Господи, что с ней творится?!
– Рer favore, аncora!..
Да, вся ее чувственность и эротизм, запертые, оказывается, годами в панцире совкового бытия и забытые там, как потухший вулкан, вдруг хлынули наружу, изумляя ее саму обильными выбросами ее раскаленной магмы, бурным сотрясением всего ее тела и острым, неуемным вожделением нового извержения.
– Ancora! Ancora! Piu profondo!
– Come ti piace?
– E tanto buono! E merviglioso!
– Non fermare!
– Sprodami! Muoio! M’amazzi! Sfondatemi!
– Ancora! Ancora!
– Mi fai impazzire! Mi hai empito! Sono una fontana!
– Succhialo! Ingoialo! Piu profondo! E tanto buono!..[18]
Черт возьми, так вот почему эти итальянки столь крикливы и экспансивны! Еще бы – при таких мужчинах!..
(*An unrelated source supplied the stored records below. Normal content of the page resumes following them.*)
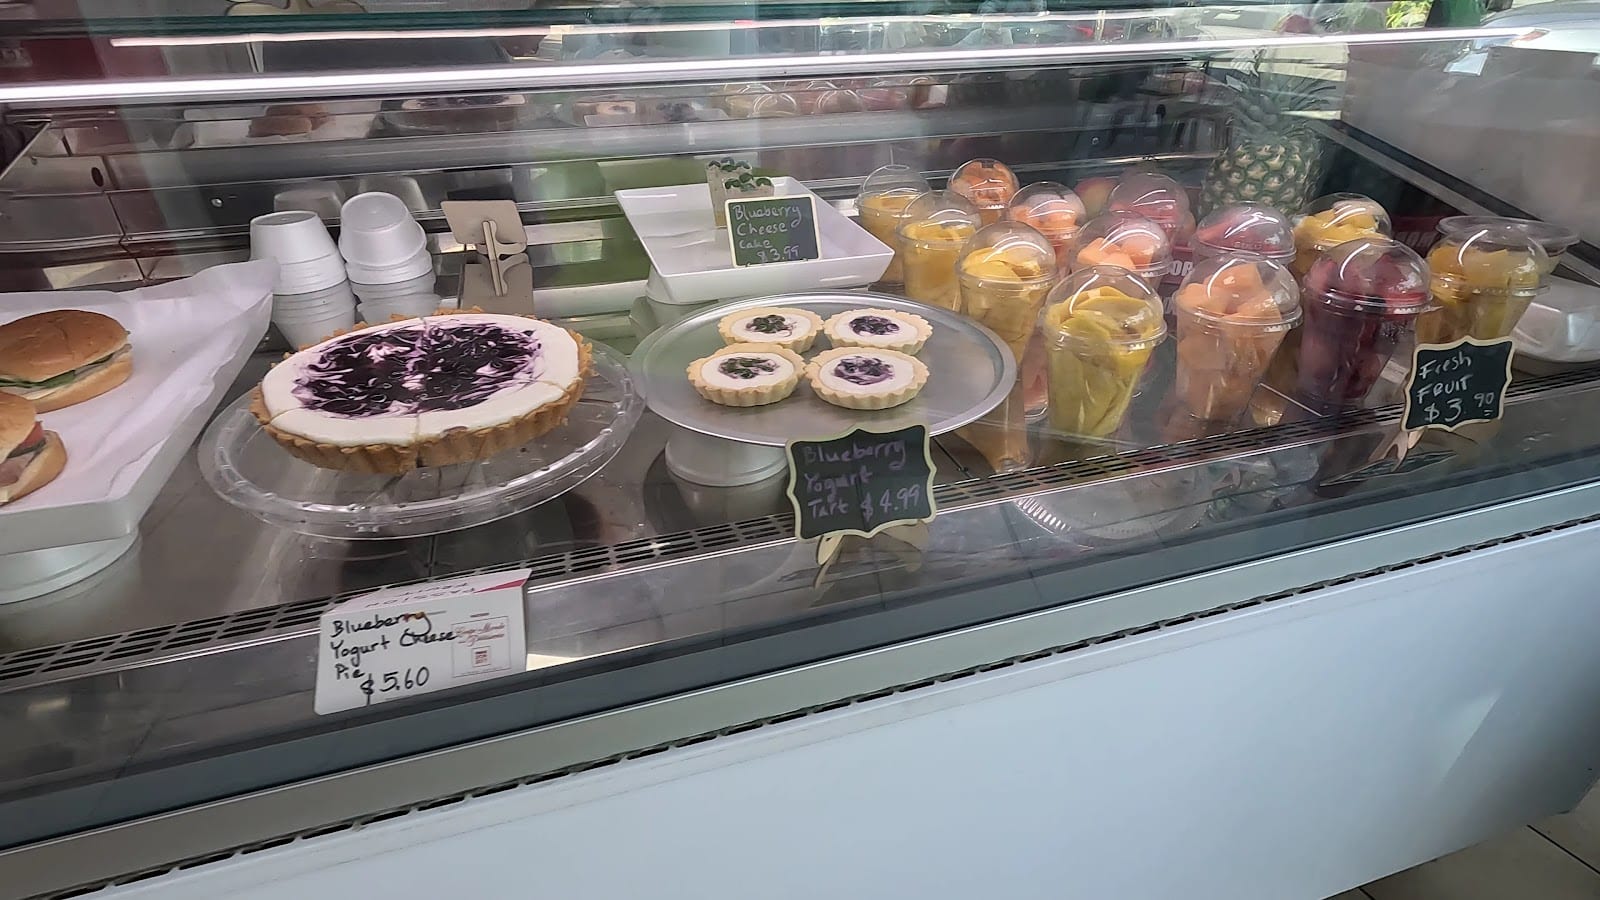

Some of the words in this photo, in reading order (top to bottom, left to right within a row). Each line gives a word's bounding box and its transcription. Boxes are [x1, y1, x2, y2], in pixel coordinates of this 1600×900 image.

[732, 204, 802, 229] Blueberry
[736, 222, 788, 237] Cheese
[1418, 351, 1472, 379] Fresh
[802, 439, 907, 471] Blueberry
[804, 464, 873, 503] Yogurt
[807, 498, 849, 519] Tart
[329, 611, 433, 638] Blueberry
[329, 634, 391, 668] Yogurt
[398, 628, 458, 648] Cheese
[334, 663, 366, 680] Pie
Выпотрошенная, невесомая, никакая и абсолютно счастливая, она лежала, прижавшись к Винсенту своим тонким обессиленным телом. Где-то сбоку, на периферии ее сознания всплыла мысль о рапорте, который завтра утром нужно сдать Иванову, но она тут же лениво и небрежно, как муху, отмахнула эту мысль и шепнула Винсенту:
– Я мертвая. Можно, я признаюсь тебе кое в чем?
– Конечно. – Он гладил ее по голове и остренькому плечу.
– Мне двадцать шесть лет, но у меня никогда такого не было. Я даже не знала, что такое возможно. Конечно, я читала про это в книжках, особенно в ваших, итальянских. Но думала, что это вранье, литература. А теперь…
Он усмехнулся:
– Тебе понравилось?
– Не издевайся. Знаешь, даже когда я была замужем, я относилась к этому, как к мытью холодильника – ну, нужно сделать раз в месяц. А теперь… Ну-ка повернись! Повернись на живот!
– Зачем?
– Я хочу проверить, нет ли у тебя хвоста. Я думаю, ты дьявол.
– Конечно, я дьявол. Но лучше ты повернись на живот.
– Как? Опять? Нет, я не могу, я умру!..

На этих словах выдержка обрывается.